# ACTION ITEM
Restate, in full and unchanged, the entries that follow, but not their pictures.

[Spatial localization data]

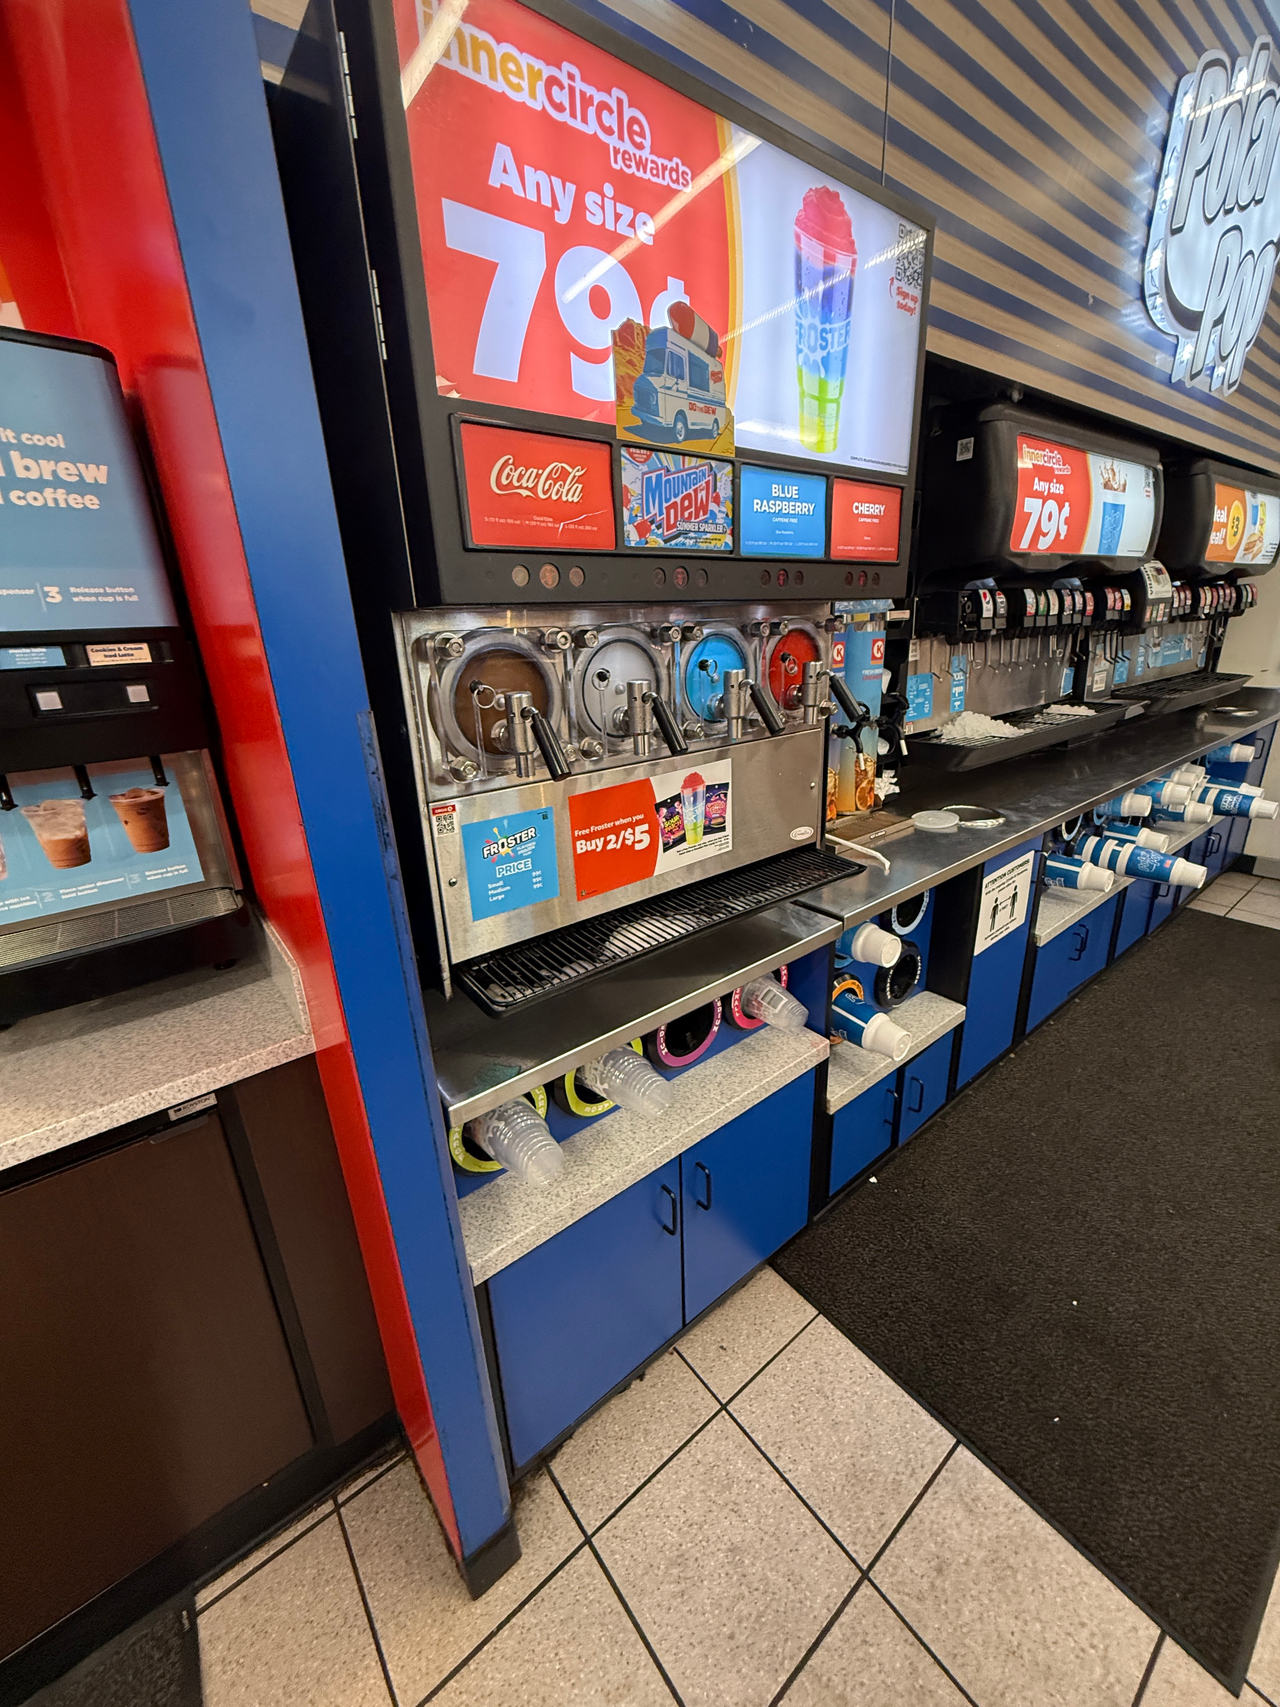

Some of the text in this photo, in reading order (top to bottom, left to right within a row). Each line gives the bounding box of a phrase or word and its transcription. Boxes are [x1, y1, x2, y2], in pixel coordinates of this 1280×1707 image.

[611, 144, 692, 188] rewards
[488, 142, 656, 245] Any size
[1190, 229, 1277, 392] Pop
[21, 432, 66, 449] cool
[1023, 444, 1062, 467] innercircle
[10, 450, 109, 485] brew
[489, 454, 588, 504] Coca-Cola
[771, 484, 799, 499] BLUE
[1033, 477, 1065, 496] Any size
[9, 488, 101, 510] coffee
[753, 499, 816, 515] RASPBERRY
[852, 502, 886, 515] CHERRY
[676, 521, 699, 532] SUMMER
[1019, 497, 1071, 550] 79¢
[43, 586, 62, 603] 3
[575, 813, 645, 838] Free Froster when you
[483, 826, 536, 859] FROSTER
[576, 835, 604, 854] Buy
[606, 823, 650, 851] 2/$5
[497, 859, 532, 877] PRICE

# TASK SOLUTION
Some of the text in this photo, in reading order (top to bottom, left to right within a row). Each line gives the bounding box of a phrase or word and its transcription. Boxes are [x1, y1, x2, y2], in pixel coordinates of this 1280×1707 image.

[611, 144, 692, 188] rewards
[488, 142, 656, 245] Any size
[1190, 229, 1277, 392] Pop
[21, 432, 66, 449] cool
[1023, 444, 1062, 467] innercircle
[10, 450, 109, 485] brew
[489, 454, 588, 504] Coca-Cola
[771, 484, 799, 499] BLUE
[1033, 477, 1065, 496] Any size
[9, 488, 101, 510] coffee
[753, 499, 816, 515] RASPBERRY
[852, 502, 886, 515] CHERRY
[676, 521, 699, 532] SUMMER
[1019, 497, 1071, 550] 79¢
[43, 586, 62, 603] 3
[575, 813, 645, 838] Free Froster when you
[483, 826, 536, 859] FROSTER
[576, 835, 604, 854] Buy
[606, 823, 650, 851] 2/$5
[497, 859, 532, 877] PRICE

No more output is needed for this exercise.